Requirement
Word for word, restate the lines that run from the line containing "Some of the text" to the last line of the records below.

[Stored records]
◇ ◇ ◇
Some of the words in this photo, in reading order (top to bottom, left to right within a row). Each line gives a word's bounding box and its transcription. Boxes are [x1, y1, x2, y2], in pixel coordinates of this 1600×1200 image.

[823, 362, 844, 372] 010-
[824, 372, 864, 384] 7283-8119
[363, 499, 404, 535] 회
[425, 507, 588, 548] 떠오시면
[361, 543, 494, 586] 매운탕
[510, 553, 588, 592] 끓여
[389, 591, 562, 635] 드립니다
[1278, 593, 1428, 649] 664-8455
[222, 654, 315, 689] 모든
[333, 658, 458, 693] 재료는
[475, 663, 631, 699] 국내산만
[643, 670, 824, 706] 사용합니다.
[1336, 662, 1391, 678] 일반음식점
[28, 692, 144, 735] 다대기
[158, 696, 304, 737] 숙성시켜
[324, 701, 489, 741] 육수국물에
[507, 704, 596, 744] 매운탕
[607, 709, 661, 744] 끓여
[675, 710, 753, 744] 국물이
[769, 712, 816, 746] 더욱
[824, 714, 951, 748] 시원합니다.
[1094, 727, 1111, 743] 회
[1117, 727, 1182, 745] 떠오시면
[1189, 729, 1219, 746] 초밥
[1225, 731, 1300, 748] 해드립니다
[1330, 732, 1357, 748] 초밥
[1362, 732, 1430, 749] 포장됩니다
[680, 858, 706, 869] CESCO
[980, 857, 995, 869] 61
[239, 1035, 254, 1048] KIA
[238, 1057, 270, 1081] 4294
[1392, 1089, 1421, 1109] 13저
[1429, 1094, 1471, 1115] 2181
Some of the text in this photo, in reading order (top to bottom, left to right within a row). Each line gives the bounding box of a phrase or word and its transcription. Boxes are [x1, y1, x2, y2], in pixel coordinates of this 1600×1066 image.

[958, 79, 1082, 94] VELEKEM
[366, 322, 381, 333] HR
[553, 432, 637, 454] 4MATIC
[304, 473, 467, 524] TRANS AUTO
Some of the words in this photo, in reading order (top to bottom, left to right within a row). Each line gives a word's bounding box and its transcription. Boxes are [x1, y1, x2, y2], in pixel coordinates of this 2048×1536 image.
◇ ◇ ◇
Answer section
Some of the text in this photo, in reading order (top to bottom, left to right within a row). Each line gives the bounding box of a phrase or word and its transcription. Boxes are [x1, y1, x2, y2], in pixel coordinates of this 1600×1066 image.

[958, 79, 1082, 94] VELEKEM
[366, 322, 381, 333] HR
[553, 432, 637, 454] 4MATIC
[304, 473, 467, 524] TRANS AUTO
Some of the words in this photo, in reading order (top to bottom, left to right within a row). Each line gives a word's bounding box and its transcription. Boxes are [x1, y1, x2, y2], in pixel coordinates of this 2048×1536 image.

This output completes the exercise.